The impetus for the interviews came from the political science departments at Monash and Melbourne universities, which were attempting to investigate the underlying psychological motivations of politicians. Dr. Diamond agreed to act as interviewer, and Cairns was not only willing to be interviewed, but proved remarkably honest and perceptive in his responses. So much so, that once the initial formal interview (which was given before a group of political science students watching remotely on a closed circuit television link) was complete, Cairns offered himself for further interviewing. There resulted a series of in-depth interviews over the next twelve months at Dr. Diamond’s home. It is this series of interviews that is offered here.

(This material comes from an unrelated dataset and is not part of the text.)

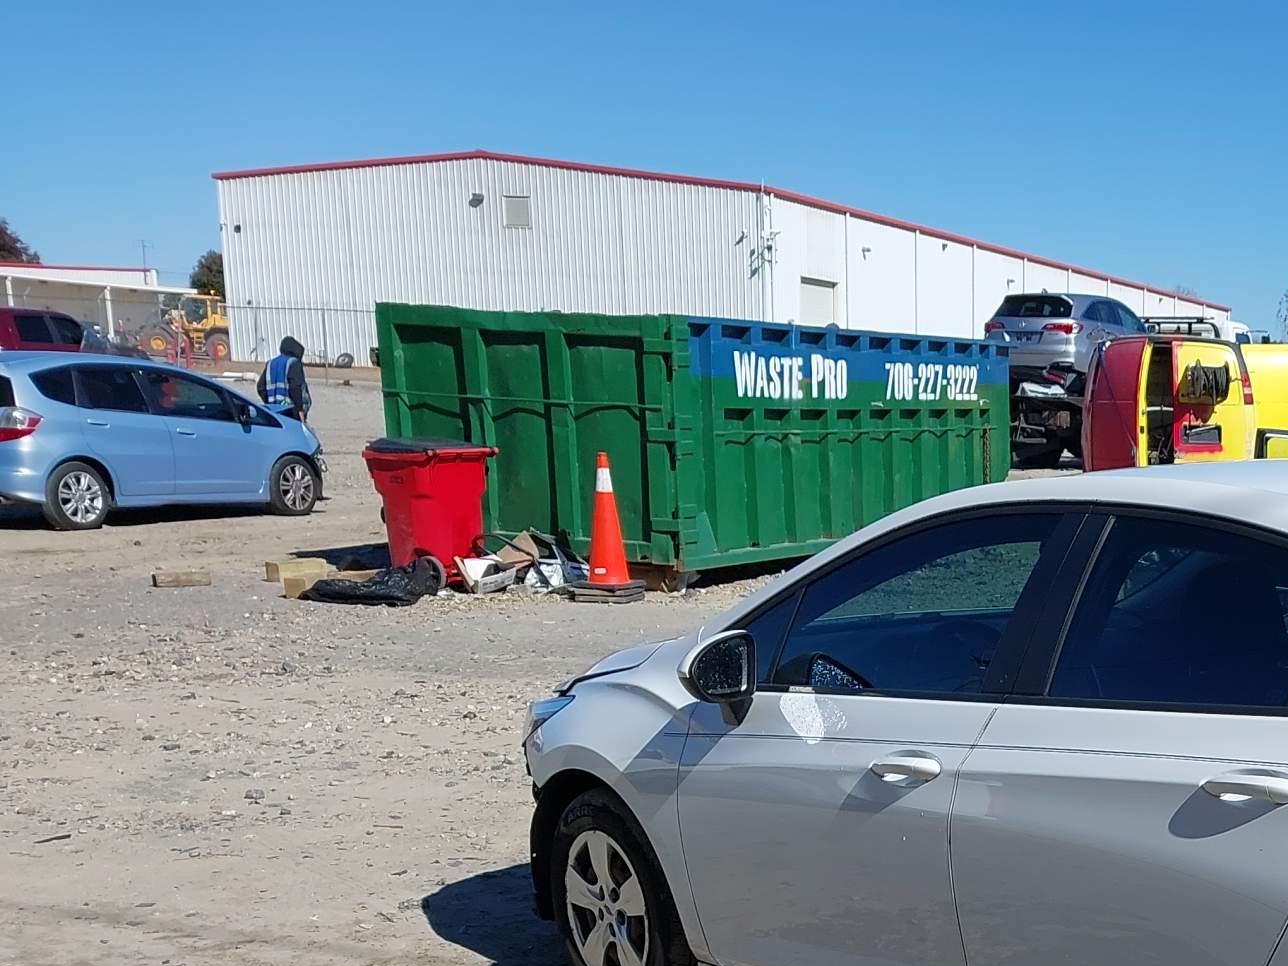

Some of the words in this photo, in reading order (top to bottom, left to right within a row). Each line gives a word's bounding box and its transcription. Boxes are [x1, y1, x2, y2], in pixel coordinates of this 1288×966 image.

In his seminal biography of Cairns, Paul Ormonde devotes an entire chapter to the interviews,1 describing them as “a riveting exchange” and “a voyage of self-discovery for Cairns.”2 Their range is wide, covering many aspects of Cairns’ early life, personal relationships, and contemporary politics. They amount to what was up to that time, and perhaps since, a unique in-depth exploration of the inner psychological world of a leading politician. Their success is a testament both to the unusually honest and open nature of Cairns personality, and to Dr. Diamond’s approach as an interviewer, which is respectful, yet simultaneously highly probing of his subject (another of Cairns’ biographers, Paul Strangio, notes admiringly how Dr. Diamond “managed to penetrate his subject’s emotional defences”3).
We are delighted to offer these groundbreaking interviews publicly for the first time.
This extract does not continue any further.